Compartilhar sua dor é muito mais do que dividi-la. Do que diminuir o peso que você carrega. Compartilhar sua dor é deixá-la exposta. E só o que está exposto pode ser curado.
Por influência de outras pessoas, passei a meditar. Mudei hábitos. Evitei substâncias que me agitassem. Muitas dessas pessoas eu nem conhecia. Eu conhecia apenas seu relatos e experiências na internet. Eu não estava só em minha dor. Outras (muitas na verdade) pessoas já haviam vivido algo parecido.

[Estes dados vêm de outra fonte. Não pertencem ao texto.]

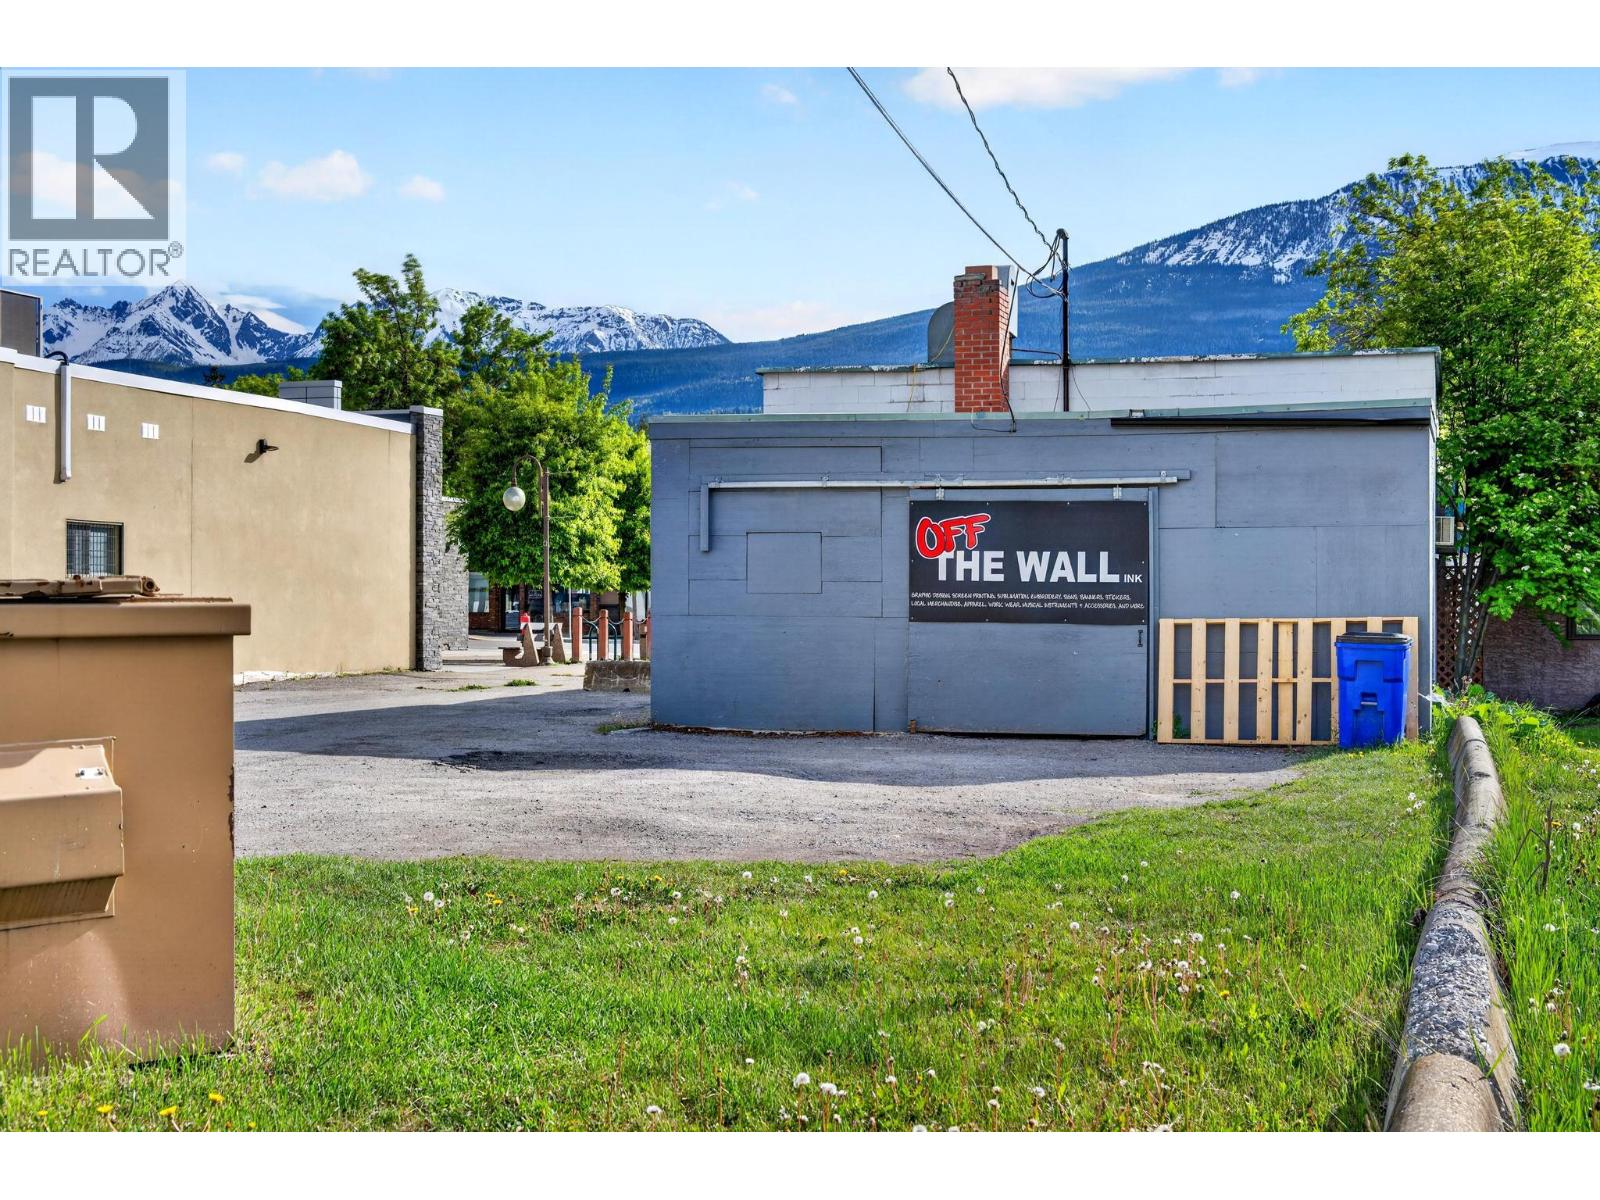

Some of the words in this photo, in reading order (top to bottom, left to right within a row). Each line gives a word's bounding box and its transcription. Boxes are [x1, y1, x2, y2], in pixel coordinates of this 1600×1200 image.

E nesse meio de caminho tive que me proteger. Além de obstáculos mentais, de pessoas que olham para esses problemas com preconceito. Como se não fosse algo sério. Inclusive pessoas que tanto gosto porém que não tem empatia com problemas mentais. Precisam sentir na pele para um dia entender o que se passa numa cabeça com ansiedade ou depressão. Proteja-se dessas pessoas e de toda negatividade que vai tentar te atingir.

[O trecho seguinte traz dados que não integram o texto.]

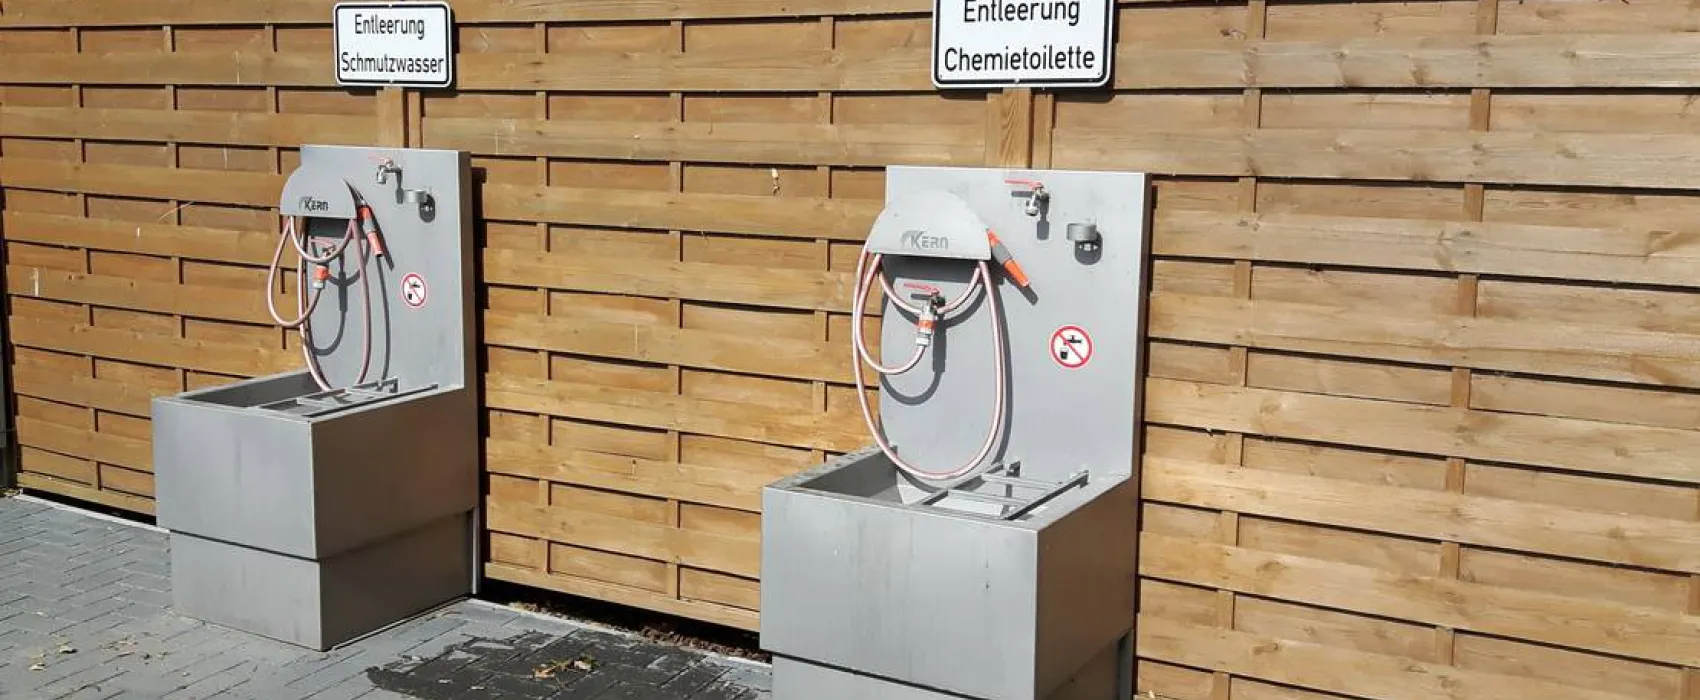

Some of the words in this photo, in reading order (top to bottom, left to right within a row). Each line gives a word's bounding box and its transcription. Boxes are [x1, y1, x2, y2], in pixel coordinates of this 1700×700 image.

Minha última barreira em aceitar meu problema e expor para ente queridos foi minha mãe. Ela mora longe de mim e eu tinha medo de contar o que estava acontecendo comigo. E preocupá-la. Eu não queria deixá-la nervosa com meus problemas. E mais que isso. Eu tinha medo de visitá-la na Paraiba (moro em São Paulo) e ter um ataque na frente dela. Eu queria ser forte. Passei um ano e sete meses sem vê-la. Ainda no avião o nervosismo tomou conta. Há tempos essa ansiedade não vinha com tanta força.
Encontrei minha mãe e no primeiro momento escondi. Eu estava ansioso mas eu não tinha certeza do que fazer. No dia seguinte, resolvi.
Era a hora.
Chamei-a para o quarto e tive uma conversa franca. Contei o inferno que havia sido meu último ano entre crises de pânico e depressão. Ela chorou. E me surpreendeu. Revelou que passara por coisas parecidas quando eu era adolescente. Nas vezes em que eu cuidara dela quando meu pai saiu de casa. As vezes em que ela não saía de cama e eu tive que cuidar da casa. Ela teve depressão.
Foi um momento revelador. Mãe e filho expostos. Dividindo uma dor. Se ajudando. A dor criando laços ainda mais fortes entre os dois. E os tornando mais fortes.